Why Fuelling a Resilient Australia Needs More Than Coal Alone


If you’ve been paying attention to events in Australia this last month then you should be well aware of the litany of mis-steps by the Australian Government and in particular the Prime Minister Tony Abbott with regards to Australia’s renewable energy target (RET)

The Australian Prime Minister’s comments regarding wind power during a radio interview, revealed that his negative attitudes on wind turbines come from his experience near one single wind turbine located on Rottnest Island – off the coast of Perth, Western Australia.

Mr Abbott said changes before the Federal Parliament to reduce the RET were designed to prevent wind farms from further spreading across the Australian landscape.

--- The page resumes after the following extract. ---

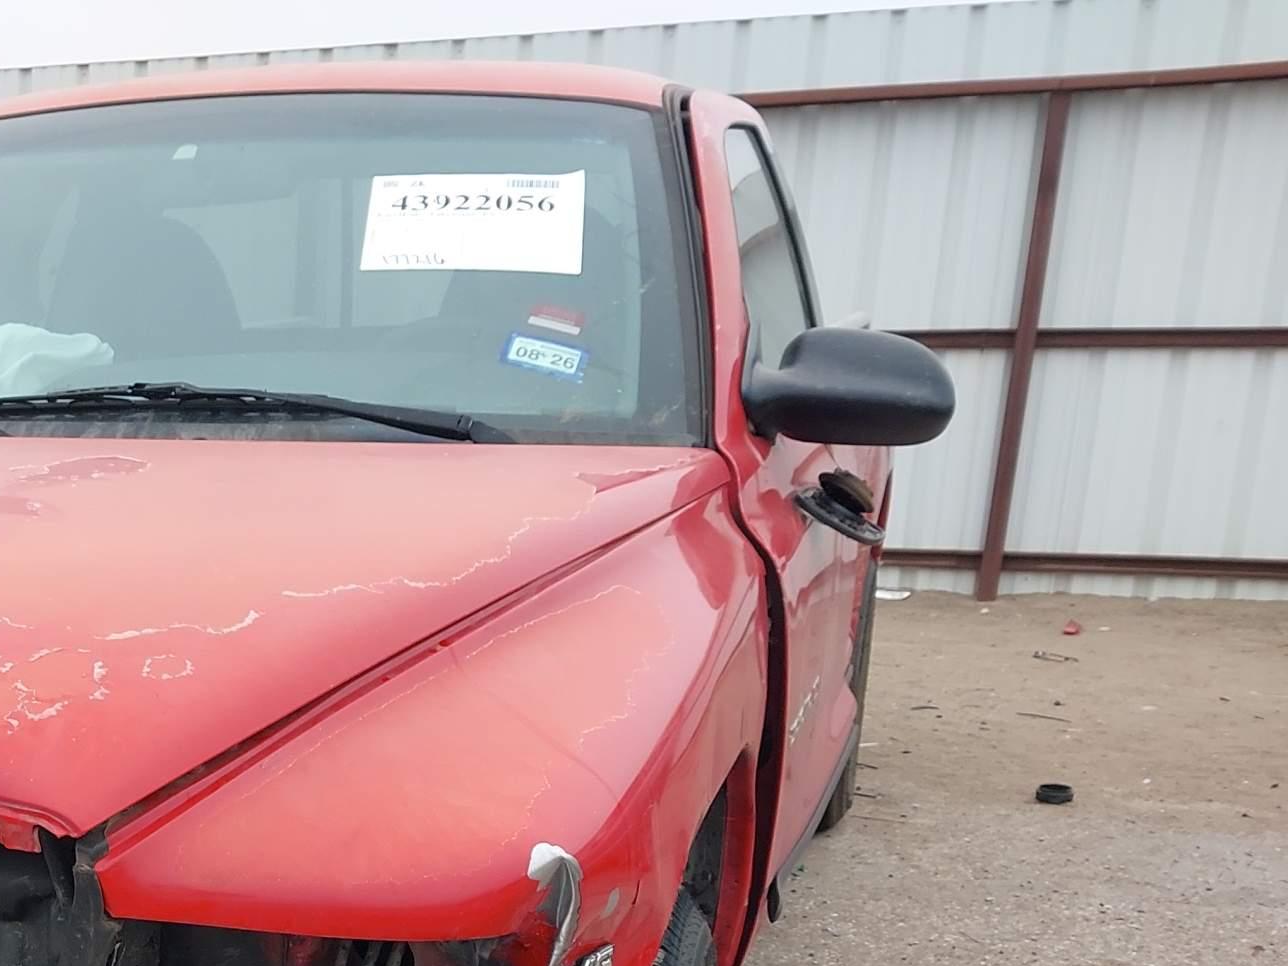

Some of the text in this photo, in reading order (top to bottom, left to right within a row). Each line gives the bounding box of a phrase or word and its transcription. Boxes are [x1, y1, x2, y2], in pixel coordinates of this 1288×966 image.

[391, 194, 556, 213] 43922056
[515, 346, 576, 370] 08 26
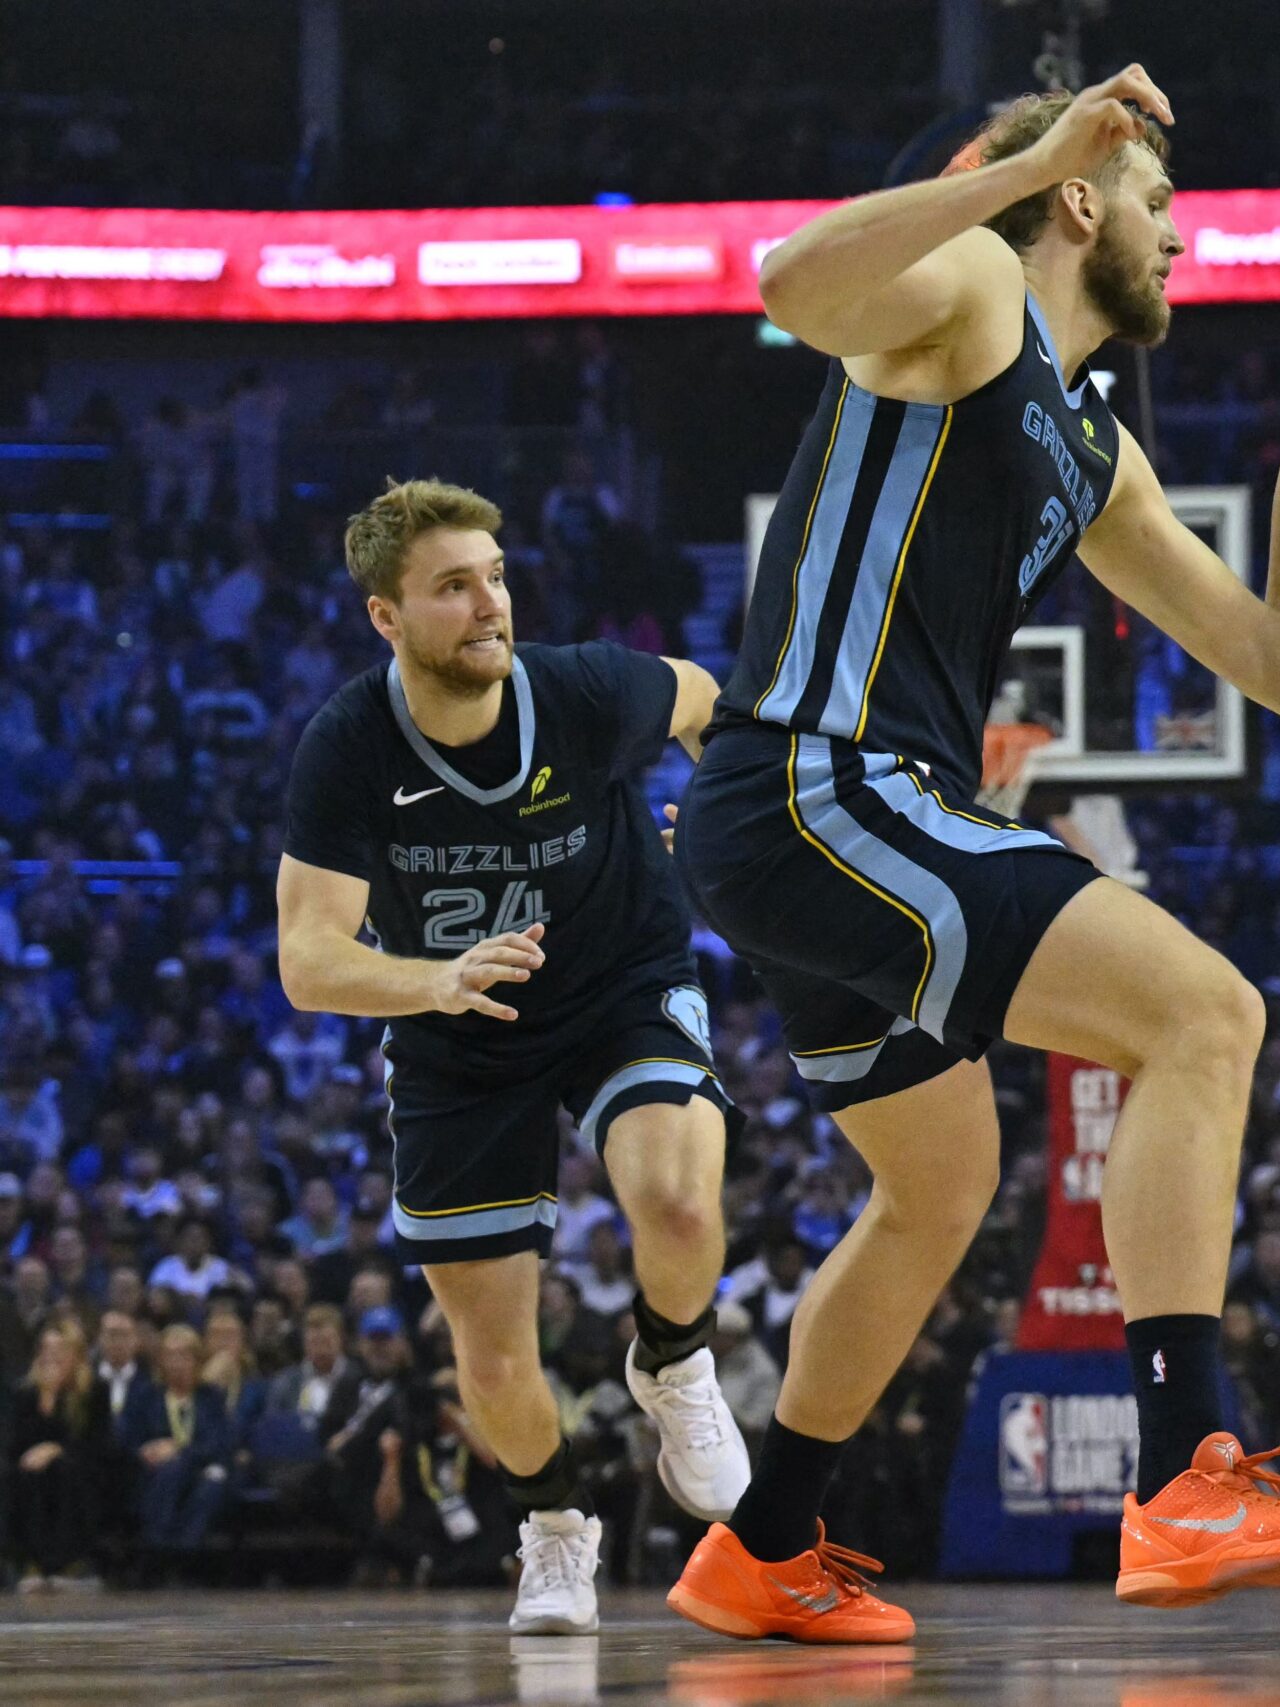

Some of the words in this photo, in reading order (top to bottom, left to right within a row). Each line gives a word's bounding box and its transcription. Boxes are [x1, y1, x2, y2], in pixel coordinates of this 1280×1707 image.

"I would frankly have liked to reduce the number a lot more but we got the best deal we could out of the Senate," he said.

"And if we hadn't had a deal, (…) we would have been stuck with even more of these things.

With regard to disaster-proofing any country or any economy, not solely Australia, any level headed risk manager, business continuity manager or economist will tell you that placing all your eggs in one basket is a recipe for trouble.

Whether that trouble affects the country in question physically, such as a cyclone or earthquake, or war or something less tangible such as an economic downturn. A resilient approach ensures other pillars upon which to lean if one is weakened.

In a previous article I stated. “If we want a truly resilient Australia; one that can withstand the ravages of natural disasters or the outbreak of major international conflict then we need to diversify our singular reliance upon fossil fuels for power generation. We must consider other energy sources such as wind, solar, tidal and yes, even nuclear. Our current government has withdrawn funding for alternative energies and also ceased funding of research into technologies that will advance Australia’s competitive edge in this field.”

As the world’s ninth-largest energy producer, Australia has ample renewable and non-renewable energy resources to spread its reliance.  Yet despite these resources, we rely heavily on imported refined petroleum products and crude oil to meet our fuel demand. Alarmingly, our import dependency has increased in recent years. An interruption to our supply chain would significantly impact Australia’s ability to continue ‘business as usual’.

In 2013 Air Vice-Marshal John Blackburn AO (Retd) a consultant in the fields of Defence and National Security put forward a report for NRMA Motoring and Services in which how analysed Australia’s liquid fuel security.

In short, Australia has reduced the amount of liquid fuel supplies (primarily diesel) held in reserve. Successive Governments have considered that the supply lines from the Middle East via Singapore are regular and reliable due to world stability and also due to the modernisation of shipping and navigation etc.

This liquid fuel reserve reduction is at Australia’s peril if there is an economic blockade or international conflict that affects the region. As tensions rise at present between Asian neighbours in the South China Sea and the world watching closely as the United States and China face off against one another, one can assume that reliability of shipping lanes and freedom of passage may not always be guaranteed.

Diversification of energy sources is a security matter as well. Our military requires energy to operate. Aircraft require aviation fuel, armoured personnel carriers require diesel and every military installation requires power to function just the same as the commercial sector.

Throughout the Obama administration, the US Military has implemented aggressive plans to significantly expand its use of clean, renewable energy. The US Department of Defence (DOD) mandate, title 10 USC 2911, that requires 25 percent of total facility energy consumption to come from renewable energy sources by 2025. This is in recognition of the ‘security’ that is derived from energy diversification.

The Australian Government has a laser-like focus on protecting our borders by hook or by crook to ensure our security and protect us from terrorists (and yes those supposedly illegal boat refugees as well) yet the very mechanism that the Government relies upon for the protection of the country is itself out on a limb if our energy sources are compromised.

Prime Minister Abbott himself said “There is no greater responsibility – on me – on the government – than keeping you safe.” Yet it would seem that energy security for those forces that provide physical security is not on the radar.

To ensure continued energy generation for all Australians, military, commercial, industrial and citizens, we require resilient sources of energy supplies. To devote Australia’s efforts into one energy source at the expense of others is placing the security and prosperity of our country at severe risk.

Both sides of politics in Australia need to take a good look at themselves right now.